(Stored records)
%%
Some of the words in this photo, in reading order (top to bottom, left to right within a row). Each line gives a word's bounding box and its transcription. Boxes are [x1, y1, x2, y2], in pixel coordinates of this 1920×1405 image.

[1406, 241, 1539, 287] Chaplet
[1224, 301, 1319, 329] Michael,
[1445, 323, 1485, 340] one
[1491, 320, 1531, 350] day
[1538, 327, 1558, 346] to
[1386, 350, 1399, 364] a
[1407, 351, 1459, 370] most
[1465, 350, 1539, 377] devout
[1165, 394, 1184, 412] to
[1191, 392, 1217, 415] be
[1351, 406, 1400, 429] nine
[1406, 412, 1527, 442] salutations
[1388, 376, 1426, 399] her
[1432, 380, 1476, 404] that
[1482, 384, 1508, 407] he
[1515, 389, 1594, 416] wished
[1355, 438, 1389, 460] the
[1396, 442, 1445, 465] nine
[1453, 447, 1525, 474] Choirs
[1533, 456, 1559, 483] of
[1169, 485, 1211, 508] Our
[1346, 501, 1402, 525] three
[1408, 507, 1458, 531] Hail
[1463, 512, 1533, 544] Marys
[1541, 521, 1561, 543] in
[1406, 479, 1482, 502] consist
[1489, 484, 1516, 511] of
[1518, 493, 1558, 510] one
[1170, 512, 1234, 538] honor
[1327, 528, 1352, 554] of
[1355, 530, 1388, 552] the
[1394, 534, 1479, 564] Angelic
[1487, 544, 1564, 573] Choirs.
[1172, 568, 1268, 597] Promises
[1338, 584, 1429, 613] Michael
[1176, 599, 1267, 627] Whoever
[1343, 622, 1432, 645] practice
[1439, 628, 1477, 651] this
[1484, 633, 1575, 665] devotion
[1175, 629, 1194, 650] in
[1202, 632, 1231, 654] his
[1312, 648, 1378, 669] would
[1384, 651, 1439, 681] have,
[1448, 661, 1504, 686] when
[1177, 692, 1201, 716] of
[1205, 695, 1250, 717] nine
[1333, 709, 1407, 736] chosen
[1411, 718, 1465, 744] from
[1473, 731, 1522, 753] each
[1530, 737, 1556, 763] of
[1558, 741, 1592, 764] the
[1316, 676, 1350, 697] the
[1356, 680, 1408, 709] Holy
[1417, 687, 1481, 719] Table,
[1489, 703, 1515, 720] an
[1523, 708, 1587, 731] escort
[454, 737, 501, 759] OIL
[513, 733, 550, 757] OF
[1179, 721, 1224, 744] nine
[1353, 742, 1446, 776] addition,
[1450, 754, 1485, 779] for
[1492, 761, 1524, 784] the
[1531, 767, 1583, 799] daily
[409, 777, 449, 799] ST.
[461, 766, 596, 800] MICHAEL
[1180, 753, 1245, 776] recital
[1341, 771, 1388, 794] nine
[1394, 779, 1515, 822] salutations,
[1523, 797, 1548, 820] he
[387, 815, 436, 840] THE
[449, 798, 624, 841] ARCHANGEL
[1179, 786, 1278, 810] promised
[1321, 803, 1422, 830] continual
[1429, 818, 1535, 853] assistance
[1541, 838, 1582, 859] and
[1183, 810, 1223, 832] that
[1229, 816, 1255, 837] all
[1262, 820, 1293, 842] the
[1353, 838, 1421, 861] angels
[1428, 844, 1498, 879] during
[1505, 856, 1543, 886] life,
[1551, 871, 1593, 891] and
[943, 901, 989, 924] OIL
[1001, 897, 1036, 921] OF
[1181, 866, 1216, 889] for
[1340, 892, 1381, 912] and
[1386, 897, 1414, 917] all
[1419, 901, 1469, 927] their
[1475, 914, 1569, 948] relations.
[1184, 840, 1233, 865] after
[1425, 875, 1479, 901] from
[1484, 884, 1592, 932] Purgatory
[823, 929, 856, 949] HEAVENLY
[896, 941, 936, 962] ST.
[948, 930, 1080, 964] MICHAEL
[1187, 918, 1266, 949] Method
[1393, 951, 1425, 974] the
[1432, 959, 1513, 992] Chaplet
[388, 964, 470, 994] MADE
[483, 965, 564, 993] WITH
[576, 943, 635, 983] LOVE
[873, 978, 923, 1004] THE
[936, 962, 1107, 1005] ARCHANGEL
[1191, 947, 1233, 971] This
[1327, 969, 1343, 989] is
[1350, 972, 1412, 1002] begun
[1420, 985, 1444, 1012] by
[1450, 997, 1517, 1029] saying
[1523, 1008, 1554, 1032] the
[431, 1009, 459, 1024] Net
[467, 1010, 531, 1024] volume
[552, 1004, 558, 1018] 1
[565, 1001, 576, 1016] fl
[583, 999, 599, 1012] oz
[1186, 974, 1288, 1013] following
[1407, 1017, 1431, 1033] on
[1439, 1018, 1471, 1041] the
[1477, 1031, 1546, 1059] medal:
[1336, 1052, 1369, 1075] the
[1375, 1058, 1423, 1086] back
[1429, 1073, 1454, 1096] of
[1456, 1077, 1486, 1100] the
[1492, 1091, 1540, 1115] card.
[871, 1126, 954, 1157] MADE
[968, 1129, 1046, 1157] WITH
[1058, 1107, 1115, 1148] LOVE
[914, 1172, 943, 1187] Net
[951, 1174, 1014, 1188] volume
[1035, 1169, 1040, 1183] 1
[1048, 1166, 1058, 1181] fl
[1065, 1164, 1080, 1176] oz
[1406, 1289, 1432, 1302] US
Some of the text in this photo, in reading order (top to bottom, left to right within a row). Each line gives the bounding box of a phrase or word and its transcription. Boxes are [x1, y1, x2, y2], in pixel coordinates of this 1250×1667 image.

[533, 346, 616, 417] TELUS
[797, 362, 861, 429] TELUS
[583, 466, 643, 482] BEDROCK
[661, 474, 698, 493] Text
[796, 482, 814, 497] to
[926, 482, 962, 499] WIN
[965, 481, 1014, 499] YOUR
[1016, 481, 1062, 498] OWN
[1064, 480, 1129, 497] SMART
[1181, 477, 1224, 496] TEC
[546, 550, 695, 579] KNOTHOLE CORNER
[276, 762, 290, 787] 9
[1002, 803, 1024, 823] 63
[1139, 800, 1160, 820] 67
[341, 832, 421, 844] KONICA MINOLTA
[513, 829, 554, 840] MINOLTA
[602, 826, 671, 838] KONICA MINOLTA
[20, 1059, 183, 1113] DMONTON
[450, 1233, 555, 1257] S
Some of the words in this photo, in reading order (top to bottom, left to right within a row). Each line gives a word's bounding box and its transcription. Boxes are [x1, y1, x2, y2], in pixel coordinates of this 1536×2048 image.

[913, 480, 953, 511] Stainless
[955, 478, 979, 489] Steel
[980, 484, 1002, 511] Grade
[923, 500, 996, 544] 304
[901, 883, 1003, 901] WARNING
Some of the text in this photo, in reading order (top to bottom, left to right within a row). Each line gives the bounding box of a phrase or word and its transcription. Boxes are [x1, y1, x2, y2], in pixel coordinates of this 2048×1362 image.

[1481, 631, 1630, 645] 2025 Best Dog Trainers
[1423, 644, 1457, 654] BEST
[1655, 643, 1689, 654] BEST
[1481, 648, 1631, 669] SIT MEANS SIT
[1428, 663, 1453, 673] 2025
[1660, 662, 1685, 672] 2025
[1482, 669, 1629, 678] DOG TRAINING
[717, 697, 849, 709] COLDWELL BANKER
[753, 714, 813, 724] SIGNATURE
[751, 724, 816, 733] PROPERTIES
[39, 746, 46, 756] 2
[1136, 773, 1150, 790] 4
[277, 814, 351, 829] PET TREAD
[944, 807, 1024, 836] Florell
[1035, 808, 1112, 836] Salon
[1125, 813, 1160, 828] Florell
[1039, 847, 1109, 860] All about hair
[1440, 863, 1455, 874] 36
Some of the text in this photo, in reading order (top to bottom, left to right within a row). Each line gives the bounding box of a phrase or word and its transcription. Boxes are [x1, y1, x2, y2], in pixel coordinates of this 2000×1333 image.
%%
Every record must be given again exactly as it was written.

OUTPUT OF THE TASK.
Some of the words in this photo, in reading order (top to bottom, left to right within a row). Each line gives a word's bounding box and its transcription. Boxes are [x1, y1, x2, y2], in pixel coordinates of this 1920×1405 image.

[1406, 241, 1539, 287] Chaplet
[1224, 301, 1319, 329] Michael,
[1445, 323, 1485, 340] one
[1491, 320, 1531, 350] day
[1538, 327, 1558, 346] to
[1386, 350, 1399, 364] a
[1407, 351, 1459, 370] most
[1465, 350, 1539, 377] devout
[1165, 394, 1184, 412] to
[1191, 392, 1217, 415] be
[1351, 406, 1400, 429] nine
[1406, 412, 1527, 442] salutations
[1388, 376, 1426, 399] her
[1432, 380, 1476, 404] that
[1482, 384, 1508, 407] he
[1515, 389, 1594, 416] wished
[1355, 438, 1389, 460] the
[1396, 442, 1445, 465] nine
[1453, 447, 1525, 474] Choirs
[1533, 456, 1559, 483] of
[1169, 485, 1211, 508] Our
[1346, 501, 1402, 525] three
[1408, 507, 1458, 531] Hail
[1463, 512, 1533, 544] Marys
[1541, 521, 1561, 543] in
[1406, 479, 1482, 502] consist
[1489, 484, 1516, 511] of
[1518, 493, 1558, 510] one
[1170, 512, 1234, 538] honor
[1327, 528, 1352, 554] of
[1355, 530, 1388, 552] the
[1394, 534, 1479, 564] Angelic
[1487, 544, 1564, 573] Choirs.
[1172, 568, 1268, 597] Promises
[1338, 584, 1429, 613] Michael
[1176, 599, 1267, 627] Whoever
[1343, 622, 1432, 645] practice
[1439, 628, 1477, 651] this
[1484, 633, 1575, 665] devotion
[1175, 629, 1194, 650] in
[1202, 632, 1231, 654] his
[1312, 648, 1378, 669] would
[1384, 651, 1439, 681] have,
[1448, 661, 1504, 686] when
[1177, 692, 1201, 716] of
[1205, 695, 1250, 717] nine
[1333, 709, 1407, 736] chosen
[1411, 718, 1465, 744] from
[1473, 731, 1522, 753] each
[1530, 737, 1556, 763] of
[1558, 741, 1592, 764] the
[1316, 676, 1350, 697] the
[1356, 680, 1408, 709] Holy
[1417, 687, 1481, 719] Table,
[1489, 703, 1515, 720] an
[1523, 708, 1587, 731] escort
[454, 737, 501, 759] OIL
[513, 733, 550, 757] OF
[1179, 721, 1224, 744] nine
[1353, 742, 1446, 776] addition,
[1450, 754, 1485, 779] for
[1492, 761, 1524, 784] the
[1531, 767, 1583, 799] daily
[409, 777, 449, 799] ST.
[461, 766, 596, 800] MICHAEL
[1180, 753, 1245, 776] recital
[1341, 771, 1388, 794] nine
[1394, 779, 1515, 822] salutations,
[1523, 797, 1548, 820] he
[387, 815, 436, 840] THE
[449, 798, 624, 841] ARCHANGEL
[1179, 786, 1278, 810] promised
[1321, 803, 1422, 830] continual
[1429, 818, 1535, 853] assistance
[1541, 838, 1582, 859] and
[1183, 810, 1223, 832] that
[1229, 816, 1255, 837] all
[1262, 820, 1293, 842] the
[1353, 838, 1421, 861] angels
[1428, 844, 1498, 879] during
[1505, 856, 1543, 886] life,
[1551, 871, 1593, 891] and
[943, 901, 989, 924] OIL
[1001, 897, 1036, 921] OF
[1181, 866, 1216, 889] for
[1340, 892, 1381, 912] and
[1386, 897, 1414, 917] all
[1419, 901, 1469, 927] their
[1475, 914, 1569, 948] relations.
[1184, 840, 1233, 865] after
[1425, 875, 1479, 901] from
[1484, 884, 1592, 932] Purgatory
[823, 929, 856, 949] HEAVENLY
[896, 941, 936, 962] ST.
[948, 930, 1080, 964] MICHAEL
[1187, 918, 1266, 949] Method
[1393, 951, 1425, 974] the
[1432, 959, 1513, 992] Chaplet
[388, 964, 470, 994] MADE
[483, 965, 564, 993] WITH
[576, 943, 635, 983] LOVE
[873, 978, 923, 1004] THE
[936, 962, 1107, 1005] ARCHANGEL
[1191, 947, 1233, 971] This
[1327, 969, 1343, 989] is
[1350, 972, 1412, 1002] begun
[1420, 985, 1444, 1012] by
[1450, 997, 1517, 1029] saying
[1523, 1008, 1554, 1032] the
[431, 1009, 459, 1024] Net
[467, 1010, 531, 1024] volume
[552, 1004, 558, 1018] 1
[565, 1001, 576, 1016] fl
[583, 999, 599, 1012] oz
[1186, 974, 1288, 1013] following
[1407, 1017, 1431, 1033] on
[1439, 1018, 1471, 1041] the
[1477, 1031, 1546, 1059] medal:
[1336, 1052, 1369, 1075] the
[1375, 1058, 1423, 1086] back
[1429, 1073, 1454, 1096] of
[1456, 1077, 1486, 1100] the
[1492, 1091, 1540, 1115] card.
[871, 1126, 954, 1157] MADE
[968, 1129, 1046, 1157] WITH
[1058, 1107, 1115, 1148] LOVE
[914, 1172, 943, 1187] Net
[951, 1174, 1014, 1188] volume
[1035, 1169, 1040, 1183] 1
[1048, 1166, 1058, 1181] fl
[1065, 1164, 1080, 1176] oz
[1406, 1289, 1432, 1302] US
Some of the text in this photo, in reading order (top to bottom, left to right within a row). Each line gives the bounding box of a phrase or word and its transcription. Boxes are [x1, y1, x2, y2], in pixel coordinates of this 1250×1667 image.

[533, 346, 616, 417] TELUS
[797, 362, 861, 429] TELUS
[583, 466, 643, 482] BEDROCK
[661, 474, 698, 493] Text
[796, 482, 814, 497] to
[926, 482, 962, 499] WIN
[965, 481, 1014, 499] YOUR
[1016, 481, 1062, 498] OWN
[1064, 480, 1129, 497] SMART
[1181, 477, 1224, 496] TEC
[546, 550, 695, 579] KNOTHOLE CORNER
[276, 762, 290, 787] 9
[1002, 803, 1024, 823] 63
[1139, 800, 1160, 820] 67
[341, 832, 421, 844] KONICA MINOLTA
[513, 829, 554, 840] MINOLTA
[602, 826, 671, 838] KONICA MINOLTA
[20, 1059, 183, 1113] DMONTON
[450, 1233, 555, 1257] S
Some of the words in this photo, in reading order (top to bottom, left to right within a row). Each line gives a word's bounding box and its transcription. Boxes are [x1, y1, x2, y2], in pixel coordinates of this 1536×2048 image.

[913, 480, 953, 511] Stainless
[955, 478, 979, 489] Steel
[980, 484, 1002, 511] Grade
[923, 500, 996, 544] 304
[901, 883, 1003, 901] WARNING
Some of the text in this photo, in reading order (top to bottom, left to right within a row). Each line gives the bounding box of a phrase or word and its transcription. Boxes are [x1, y1, x2, y2], in pixel coordinates of this 2048×1362 image.

[1481, 631, 1630, 645] 2025 Best Dog Trainers
[1423, 644, 1457, 654] BEST
[1655, 643, 1689, 654] BEST
[1481, 648, 1631, 669] SIT MEANS SIT
[1428, 663, 1453, 673] 2025
[1660, 662, 1685, 672] 2025
[1482, 669, 1629, 678] DOG TRAINING
[717, 697, 849, 709] COLDWELL BANKER
[753, 714, 813, 724] SIGNATURE
[751, 724, 816, 733] PROPERTIES
[39, 746, 46, 756] 2
[1136, 773, 1150, 790] 4
[277, 814, 351, 829] PET TREAD
[944, 807, 1024, 836] Florell
[1035, 808, 1112, 836] Salon
[1125, 813, 1160, 828] Florell
[1039, 847, 1109, 860] All about hair
[1440, 863, 1455, 874] 36
Some of the text in this photo, in reading order (top to bottom, left to right within a row). Each line gives the bounding box of a phrase or word and its transcription. Boxes are [x1, y1, x2, y2], in pixel coordinates of this 2000×1333 image.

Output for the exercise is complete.